Randi Kreiss

The ‘pinking’ of America: part activism, part fraud

Posted

Breast cancer is big business in America today, and high season for the industry is October.

Personally (and it is personal), I feel exploited by the “pinking” of the world around me, from pink pancakes to pink coffee mugs, from $8 pink wristbands to $50 pink T-shirts. There is little or no oversight when it comes to tracking how much money raised in the name of “breast cancer awareness” actually goes to useful programs or research. Unless you give your donation directly to one of the rigorously monitored, A-rated charities like the Breast Cancer Research Foundation or the National Breast Cancer Foundation, you cannot know whether your dollars will be well spent.

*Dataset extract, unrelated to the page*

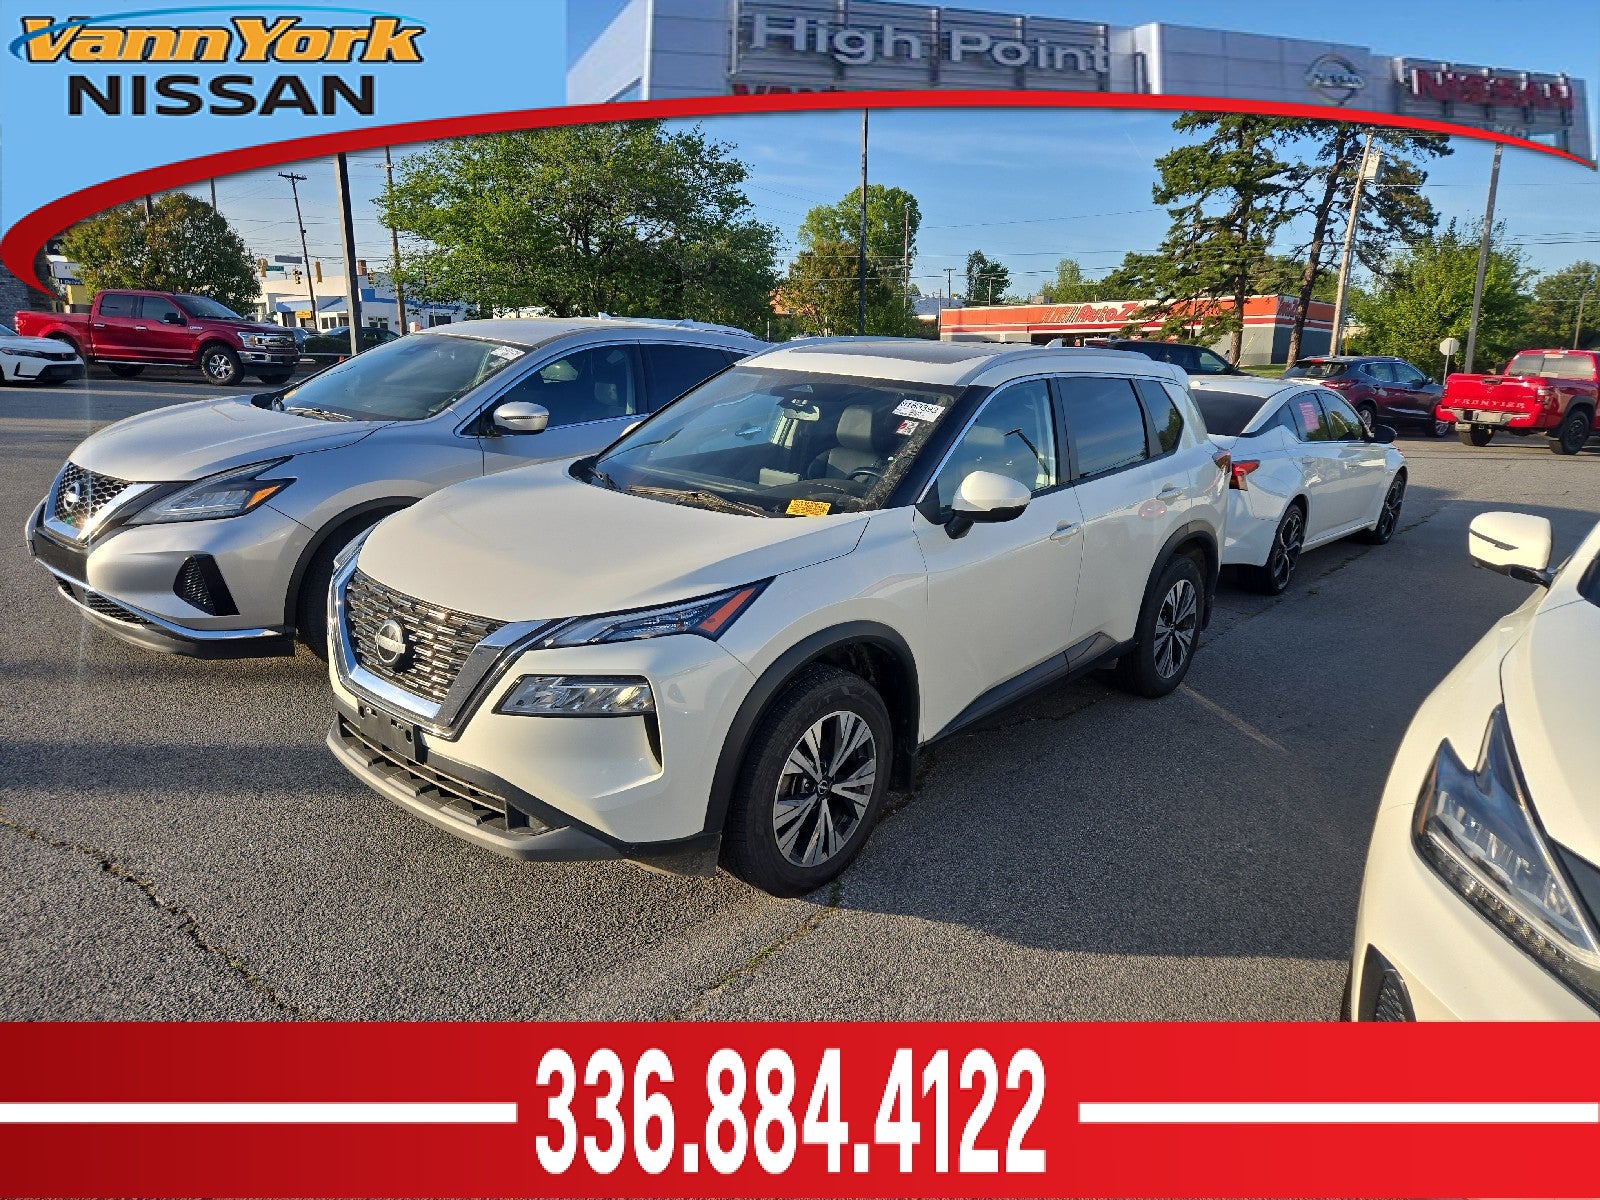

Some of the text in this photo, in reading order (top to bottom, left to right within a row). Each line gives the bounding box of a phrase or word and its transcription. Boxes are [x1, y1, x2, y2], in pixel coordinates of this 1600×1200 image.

[751, 13, 1109, 72] High Point
[1452, 398, 1526, 409] FRONTIER

In addition, there is reason to believe that many unscrupulous businesses use Breast Cancer Awareness Month to boost their own bottom lines. They put out a bin with pink flashlights or pink water bottles, promise that a “percentage” of the profit will go to “awareness,” and no one actually follows up to crunch the numbers or monitor the process.

Awareness isn’t the problem. Real dollars are needed for research. In the past decade, many of us have benefited from more finely calibrated treatments, which are the product of world-class research programs. Doctors have learned to offer women choices when the treatment path is unclear, and groups like www.breastcancer.org maintain comprehensive websites to help patients educate themselves about the various alternatives following diagnosis.

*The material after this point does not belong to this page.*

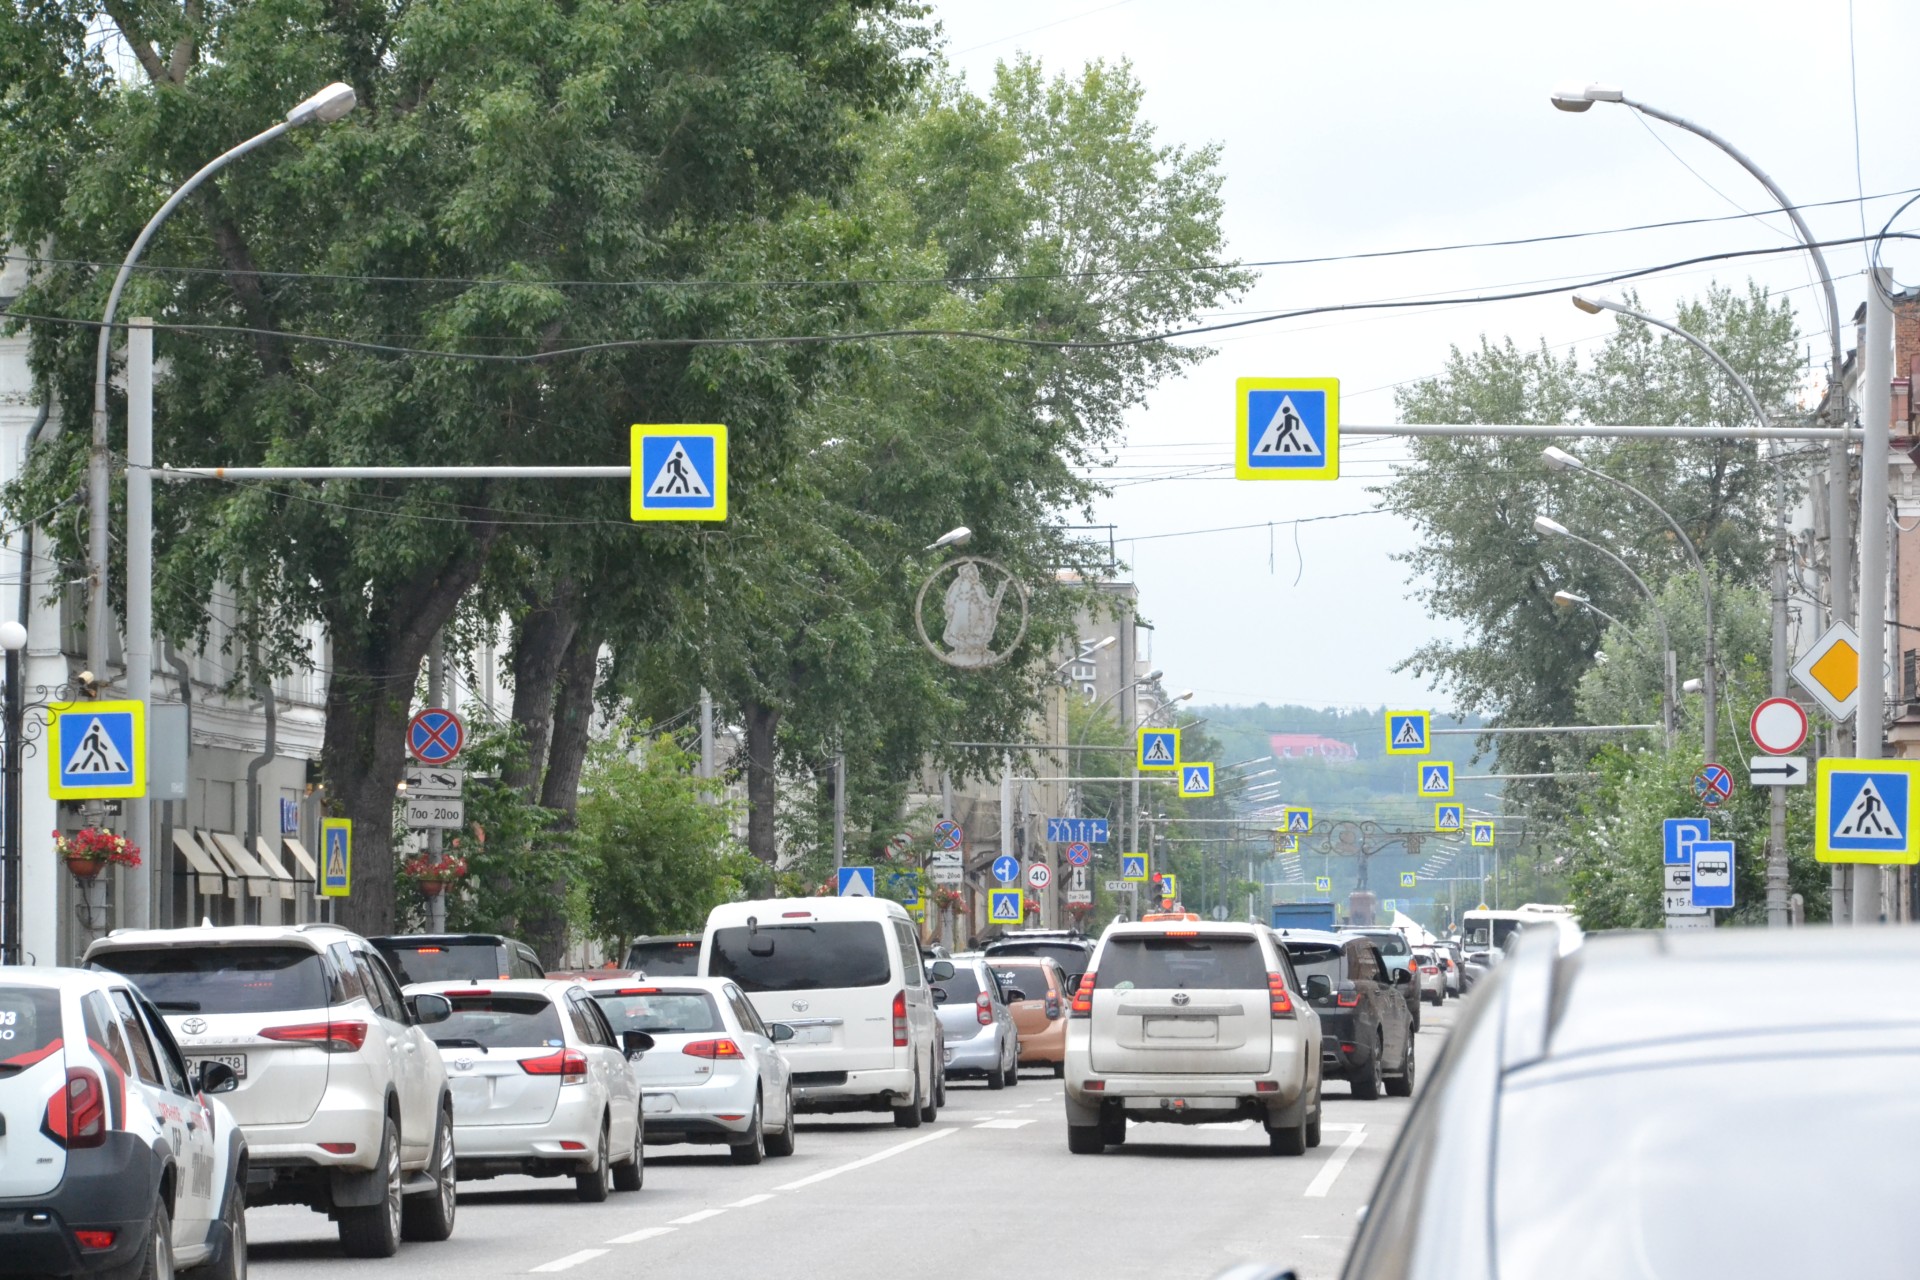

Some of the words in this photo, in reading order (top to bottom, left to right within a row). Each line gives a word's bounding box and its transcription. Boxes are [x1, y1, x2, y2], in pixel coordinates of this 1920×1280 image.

[1031, 870, 1047, 881] 40
[1108, 881, 1134, 890] СТОП
[1675, 897, 1685, 907] 15

Real dollars are also needed to support women who cannot afford the initial screening tests, subsequent treatment or child care during chemotherapy or radiation. And those dollars, again, come directly from the vetted charities; therefore, donations should go to the same charities, not to the local market selling pink-washed pumpkins.

Some of the pink paraphernalia is downright offensive. Consider the Greenfield, Mass., Police Department, which is using pink handcuffs in its October campaign. In addition, officers have enlisted inmates to paint a cell pink as part of the . . . what, the trivialization of a devastating disease?